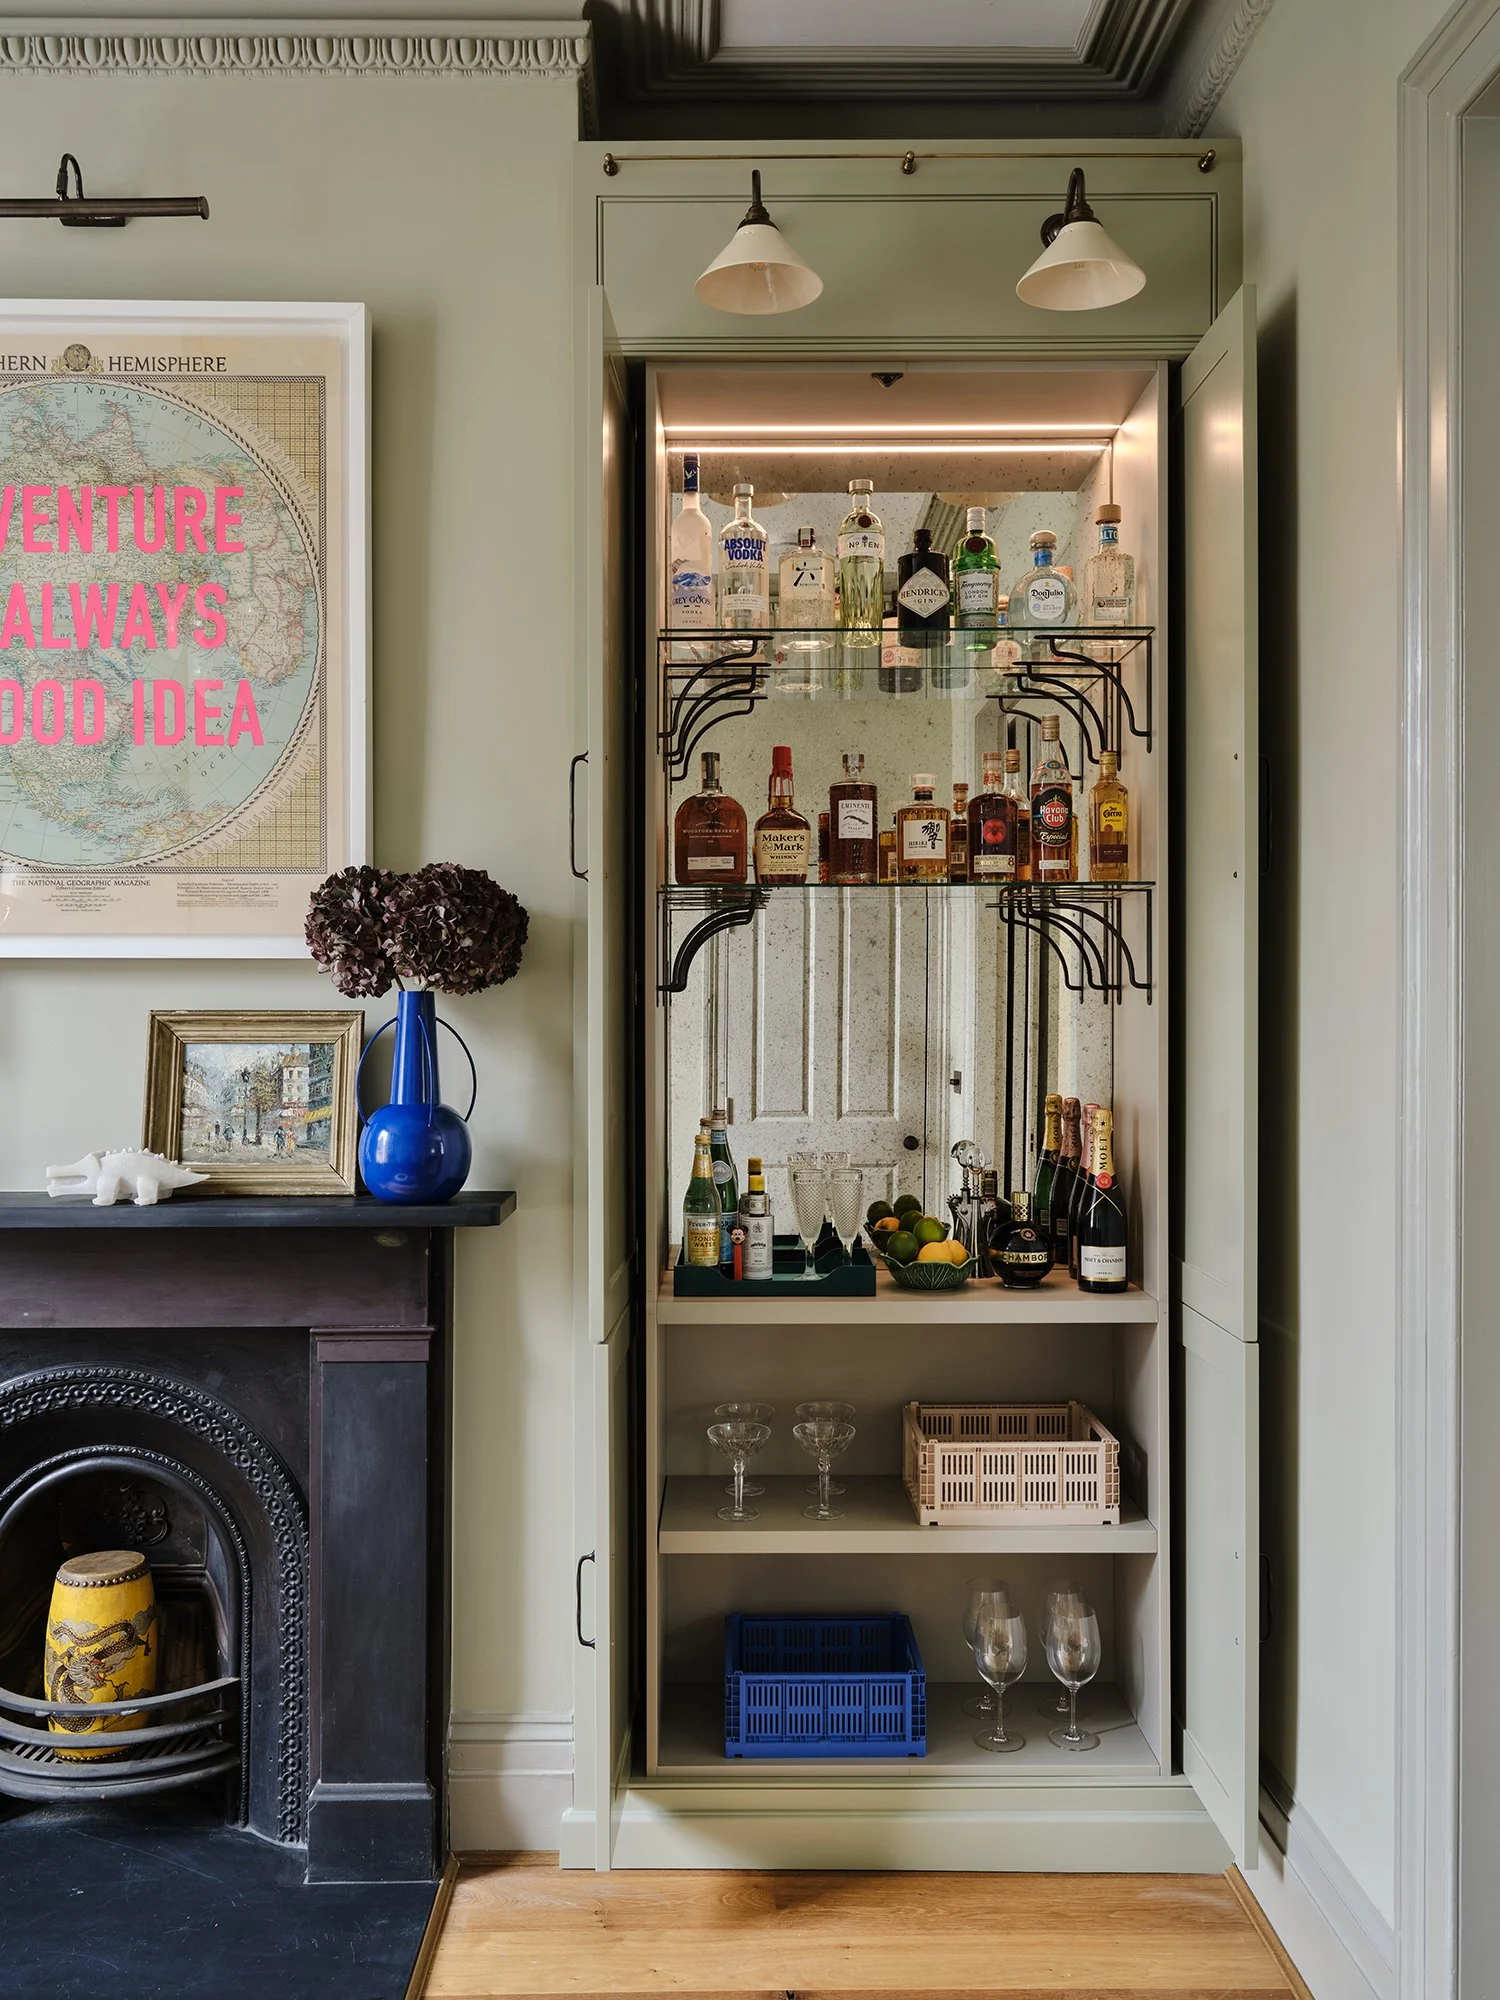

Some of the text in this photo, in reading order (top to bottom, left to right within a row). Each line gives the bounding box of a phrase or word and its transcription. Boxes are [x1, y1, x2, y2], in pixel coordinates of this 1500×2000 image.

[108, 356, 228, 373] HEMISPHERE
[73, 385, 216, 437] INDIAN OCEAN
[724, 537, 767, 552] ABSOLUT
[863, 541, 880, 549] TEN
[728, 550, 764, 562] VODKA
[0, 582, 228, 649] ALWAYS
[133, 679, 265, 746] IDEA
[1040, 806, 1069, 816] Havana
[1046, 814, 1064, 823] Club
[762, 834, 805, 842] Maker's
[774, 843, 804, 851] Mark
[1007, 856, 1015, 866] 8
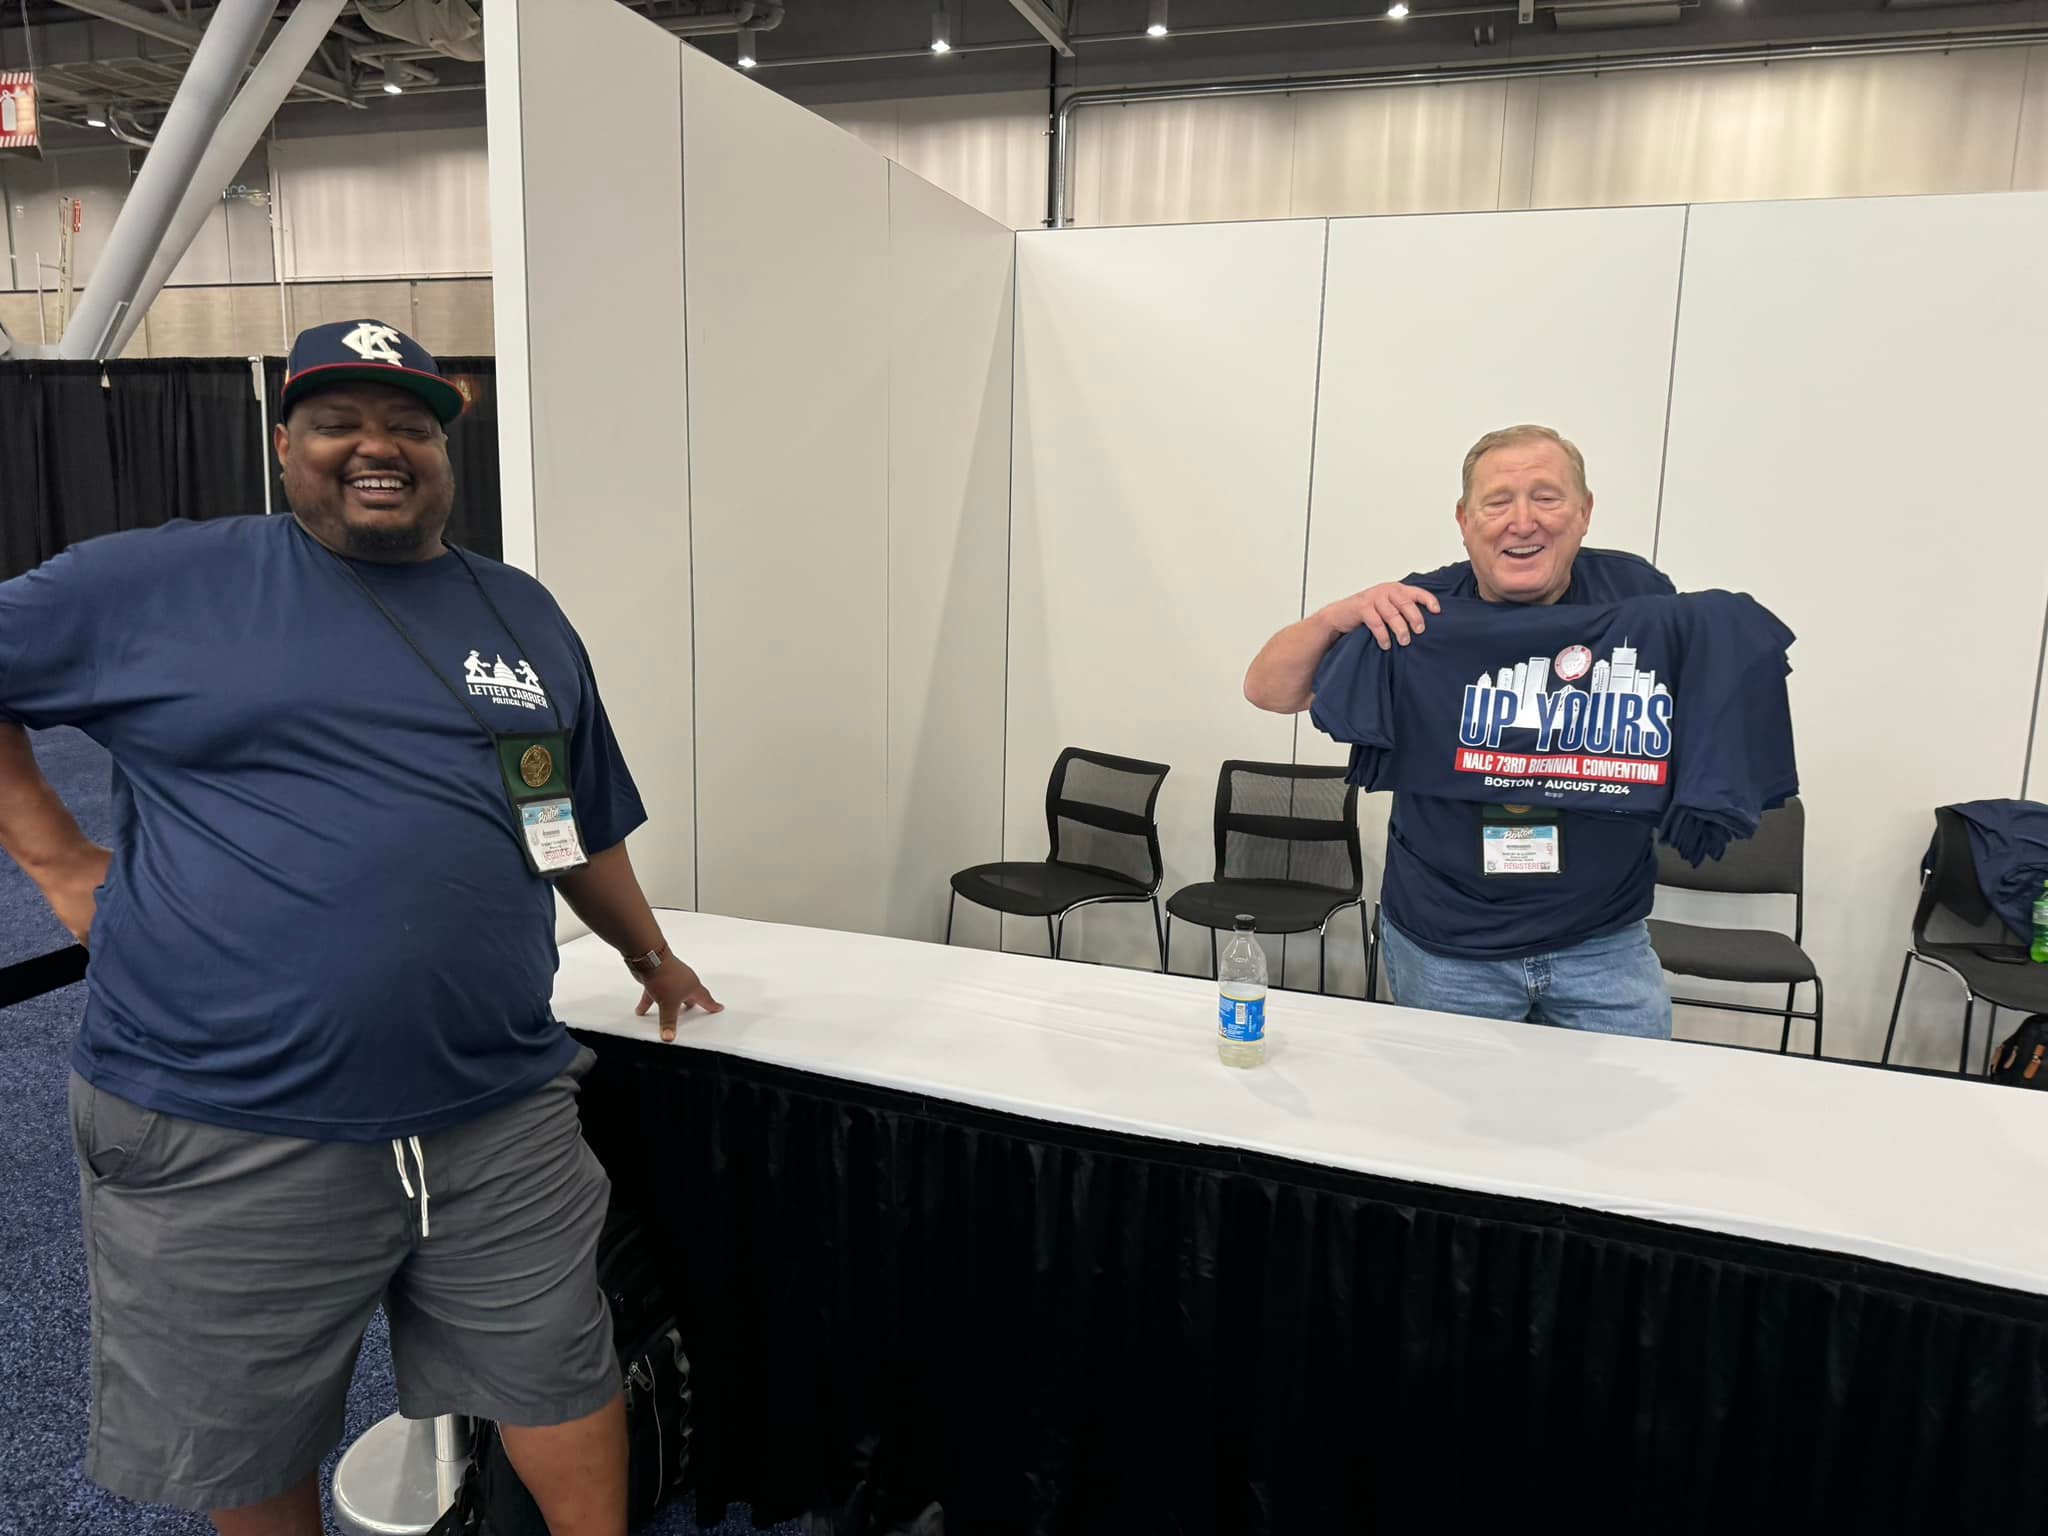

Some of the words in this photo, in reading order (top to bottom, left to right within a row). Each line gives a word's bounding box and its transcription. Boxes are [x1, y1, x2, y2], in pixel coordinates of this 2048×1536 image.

==*==

▶ What to do: Here the records must be restated exactly, minus any images.

▶ Answer section:
Some of the text in this photo, in reading order (top to bottom, left to right within a row). Each line gives the bounding box of a phrase or word and its transcription. Boxes are [x1, y1, x2, y2], in pixel coordinates of this 1500×2000 image.

[108, 356, 228, 373] HEMISPHERE
[73, 385, 216, 437] INDIAN OCEAN
[724, 537, 767, 552] ABSOLUT
[863, 541, 880, 549] TEN
[728, 550, 764, 562] VODKA
[0, 582, 228, 649] ALWAYS
[133, 679, 265, 746] IDEA
[1040, 806, 1069, 816] Havana
[1046, 814, 1064, 823] Club
[762, 834, 805, 842] Maker's
[774, 843, 804, 851] Mark
[1007, 856, 1015, 866] 8

Some of the words in this photo, in reading order (top to bottom, left to right within a row). Each line gives a word's bounding box and its transcription. Boxes are [x1, y1, x2, y2], in pixel coordinates of this 2048×1536 image.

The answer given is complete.